C'est là "le complot effrayant" contre les enfants de l'homme: créer un homme avec une inclination au mal, de sorte que, lorsqu'il y succombe, il renoue avec D.ieu dans un amour plus grand et des ressources restaurées, produites par une vie maintenant en conformité avec la Volonté Divine.
Toutefois, il est sûr qu'on ne peut dire que D.ieu voulait que l'homme pèche: une faute est, par définition, un acte que D.ieu ne veut pas. De plus, si le "plan" de D.ieu était que l'homme pèche, cela soulève la question de savoir ce qui serait arrivé si Adam et Eve n'avaient pas choisi de manger des fruits de l'Arbre de la Connaissance. Le but de D.ieu dans la Création aurait-il été accompli?

Ce que désire D.ieu
Tout comme dans le cas de l'homme d'affaire, il existe deux niveaux de "motivation" derrière l'acte divin de création.
Au niveau manifeste, le monde fut destiné et créé pour accomplir le plan indiqué par la Torah.
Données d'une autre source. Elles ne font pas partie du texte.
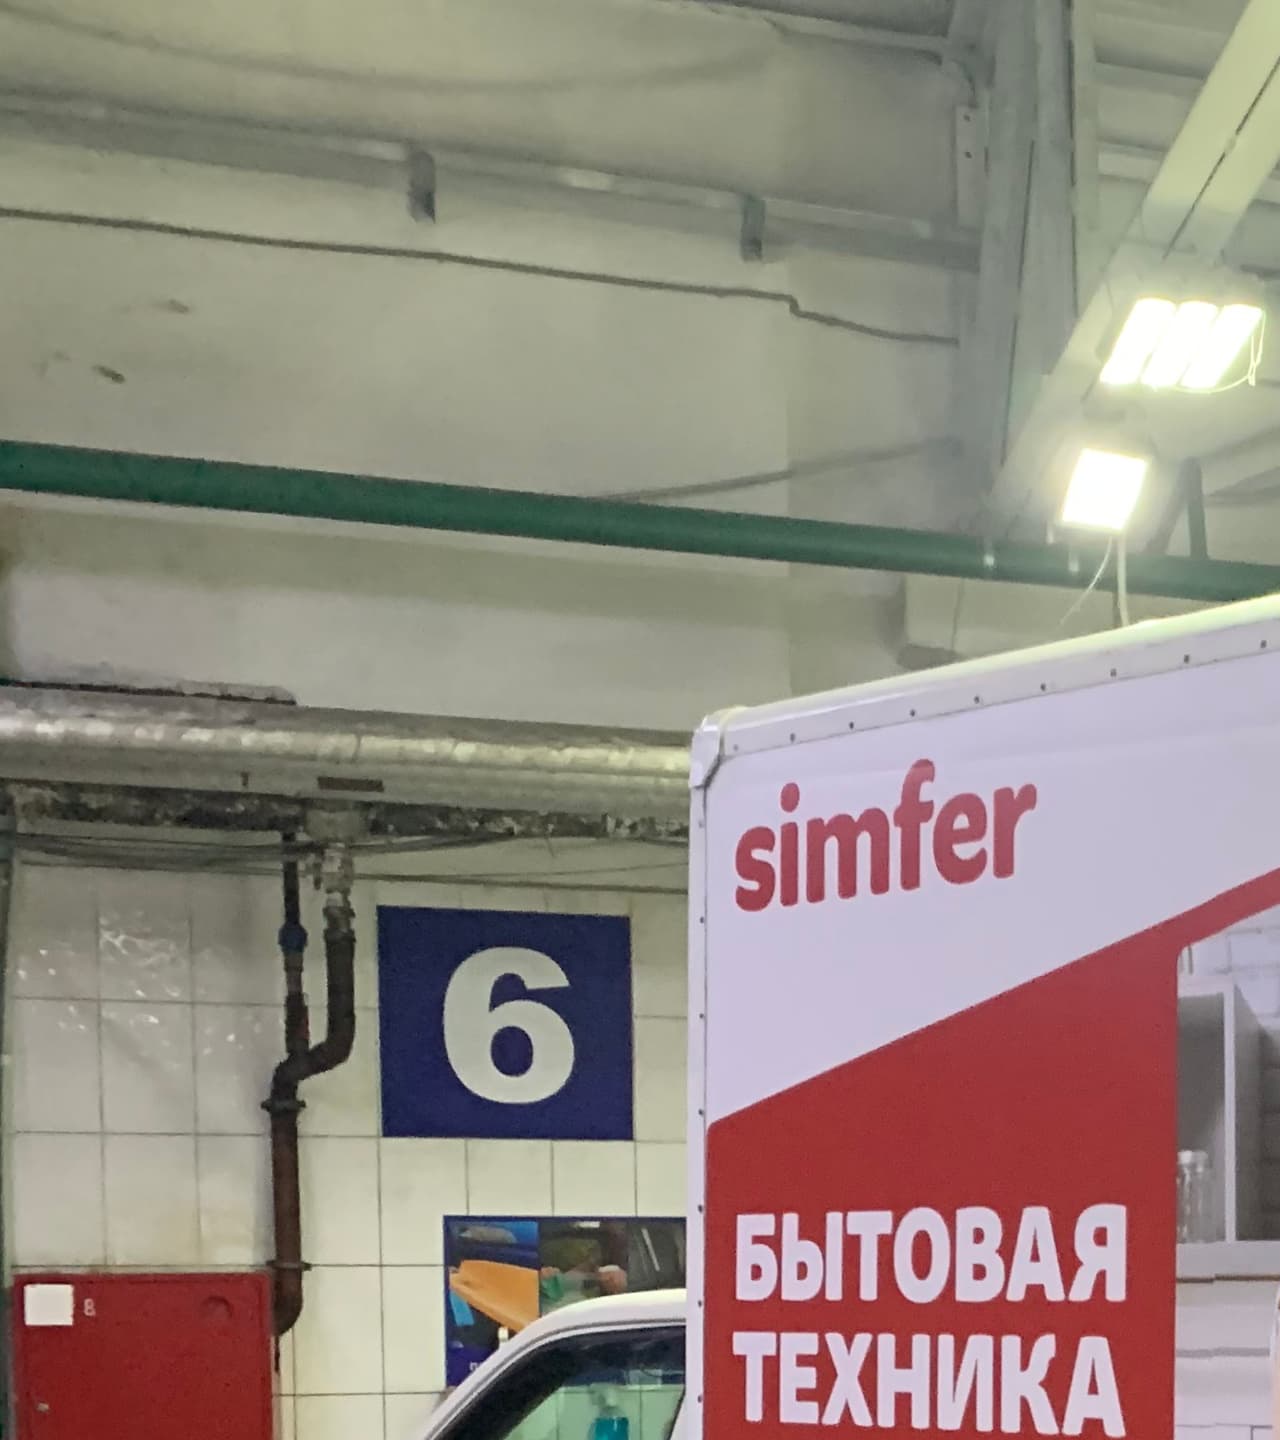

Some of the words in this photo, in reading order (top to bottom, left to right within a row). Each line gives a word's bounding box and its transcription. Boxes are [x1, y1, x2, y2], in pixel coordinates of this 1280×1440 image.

[735, 758, 1038, 912] simfer
[443, 946, 575, 1104] 6
[735, 1203, 1127, 1303] БЫТОВАЯ
[732, 1331, 1127, 1438] ТЕХНИКА
Ce plan appelle l'existence d'une inclination au mal dans le cœur de l'homme pour que notre adhésion à la volonté divine ait du sens.
Selon les paroles de Maïmonide: “La liberté est donnée à chaque homme: s'il désire suivre le droit chemin et être une personne juste, le choix de le faire est entre ses mains; et s'il désire suivre la voie du mal et devenir un être mauvais, le choix de le faire est entre ses mains… C'est un principe majeur et une base de la Torah et des commandements… Car si D.ieu devait décréter qu'une personne soit bonne ou mauvaise ou s'il existait dans l'essence de l'individu quelque chose qui le force à emprunter telle ou telle voie,… comment D.ieu aurait-Il pu nous commander par Ses Prophètes "fais cela" et "ne fais pas cela"? Quelle place aurait occupé la Torah tout entière? Et selon quelle justice D.ieu aurait-Il puni les méchants et récompensé les bons?”.
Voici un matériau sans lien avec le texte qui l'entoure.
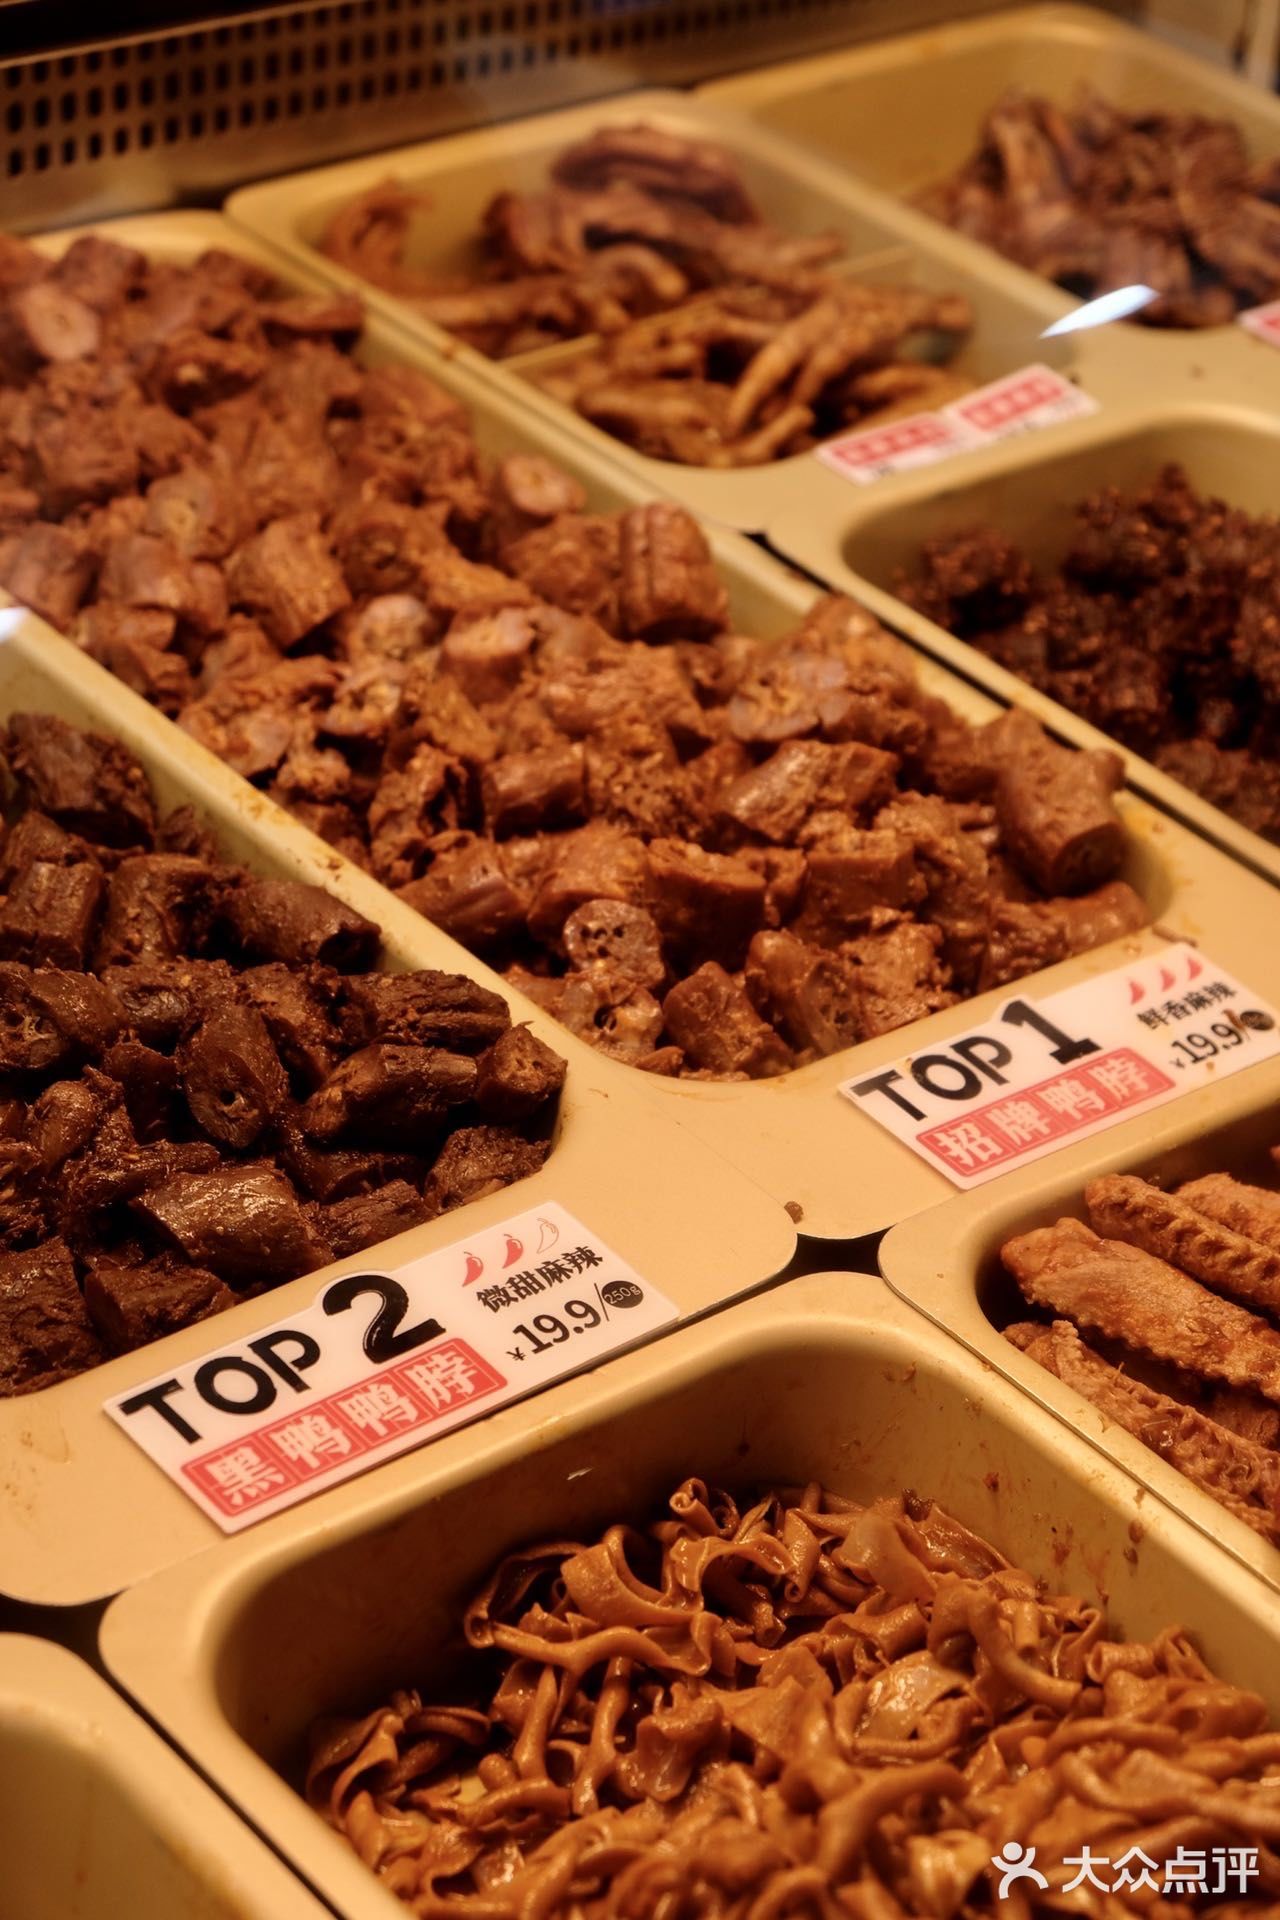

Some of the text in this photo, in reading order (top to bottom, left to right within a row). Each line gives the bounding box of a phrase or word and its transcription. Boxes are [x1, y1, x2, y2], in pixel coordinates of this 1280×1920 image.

[850, 999, 1102, 1121] TOP 1
[1136, 981, 1237, 1031] 鲜香麻辣
[935, 1057, 1150, 1167] 招牌鸭脖
[476, 1245, 603, 1313] 微甜麻辣
[119, 1273, 447, 1445] TOP 2
[206, 1348, 479, 1507] 黑鸭鸭脖
Ce plan ne requiert pas l'existence du mal, mais seulement le potentiel de son existence. Il nous est possible de violer la Volonté divine, pour que le fait que nous ne le fassions pas soit pour nous un triomphe moral et une source de plaisir pour D.ieu. Il faut qu'il nous soit possible de ne pas faire le bien pour que nos bonnes actions aient une valeur et un sens. Les risques doivent être présents, ils sont ce qui rend l'aventure valorisante mais le but de tout cela, c'est qu'ils soient évités.
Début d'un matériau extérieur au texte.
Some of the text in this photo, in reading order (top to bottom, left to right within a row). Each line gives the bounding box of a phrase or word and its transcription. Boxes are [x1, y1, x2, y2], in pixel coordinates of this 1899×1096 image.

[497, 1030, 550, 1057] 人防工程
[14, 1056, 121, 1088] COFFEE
Mais au niveau "subconscient" plus profond, D.ieu complote pour que l'homme succombe à la faute. Ce n'est pas ce qu'Il désire et c'est même une déviance de Sa Volonté expresse. Mais quand cela arrive, cela libère une richesse de possibilités qui sont infiniment plus larges que tout ce que le plan "officiel" aurait pu permettre. Et ce sont ces possibilités se cachant derrière les calculs et les projets officiels qui constituent Sa motivation ultime pour laquelle Il s'est investi dans “l'affaire” de la vie humaine.
Le Coin de la Halacha
Quels sont les droits et les devoirs d’un Cohen ?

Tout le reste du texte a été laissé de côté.